University of Sheffield researchers announced as co-directors of pioneering new Turing digital twins initiative

A new initiative aims to democratise access to emerging digital twin technology

 

The Alan Turing Institute, the national institute for data science and artificial intelligence (AI), has today (Tuesday, 21 March 2023) launched a ground-breaking Turing Research and Innovation Cluster (TRIC) focusing on digital twins.

The TRIC-DT, led by five co-directors including Prof. David Wagg and Prof. Keith Worden from The University of Sheffield's Dynamics Research Group will support the creation of specialised expertise and new computational digital twin infrastructure, unlocking barriers that previously hindered their use.

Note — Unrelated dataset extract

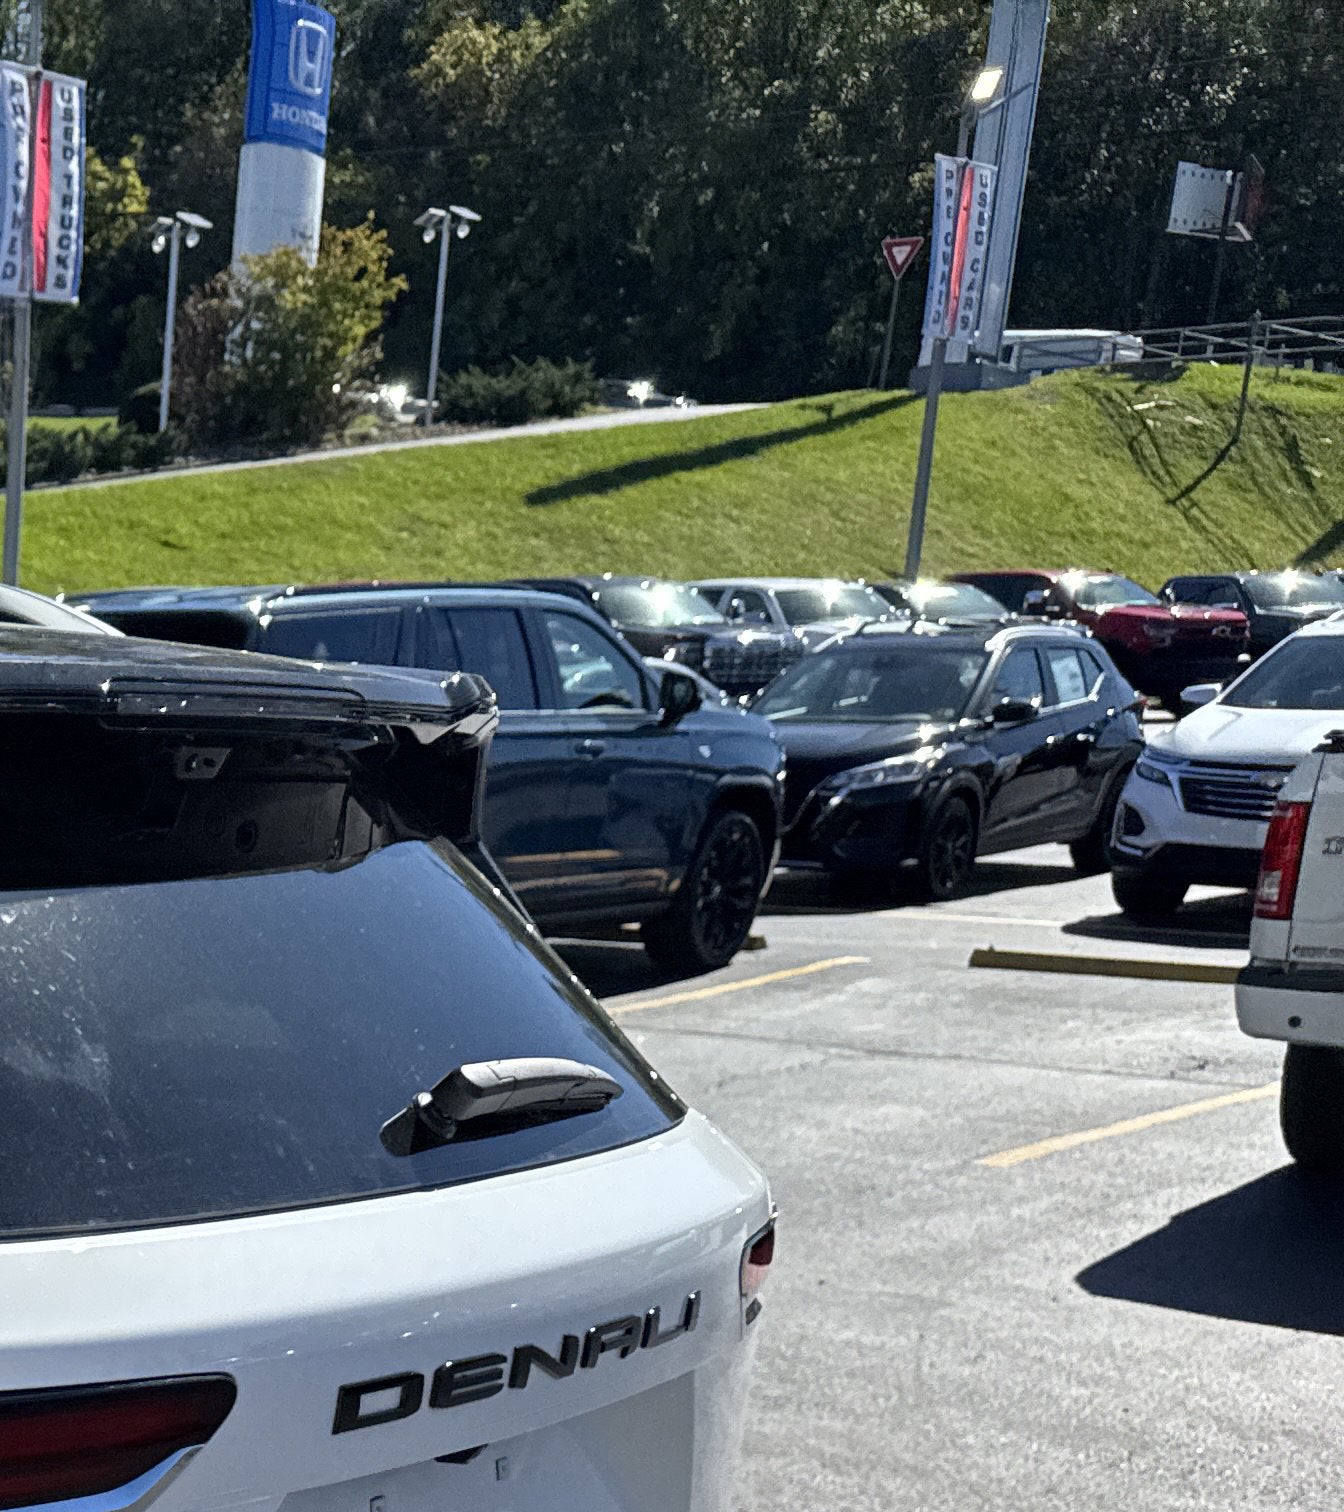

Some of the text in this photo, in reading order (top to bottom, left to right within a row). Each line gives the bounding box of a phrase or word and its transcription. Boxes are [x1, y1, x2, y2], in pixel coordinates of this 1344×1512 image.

The TRIC-DT was announced as a pivotal part of AI UK, the national AI showcase, and aims to democratise access to emerging digital twin technology by providing open and reproducible computational and social tools for digital twin development and deployment as a national service. A team of researchers from The University of Sheffield were in attendance at AIUK to discuss the TRIC-DT project and to present research from the Turing funded Digital twins for high-value engineering applications (DTHIVE) project.

The Turing Research and Innovation Cluster will pull on both the Turing’s existing multidisciplinary academic expertise, established research engineer and community science capability, as well as on development partners across the UK.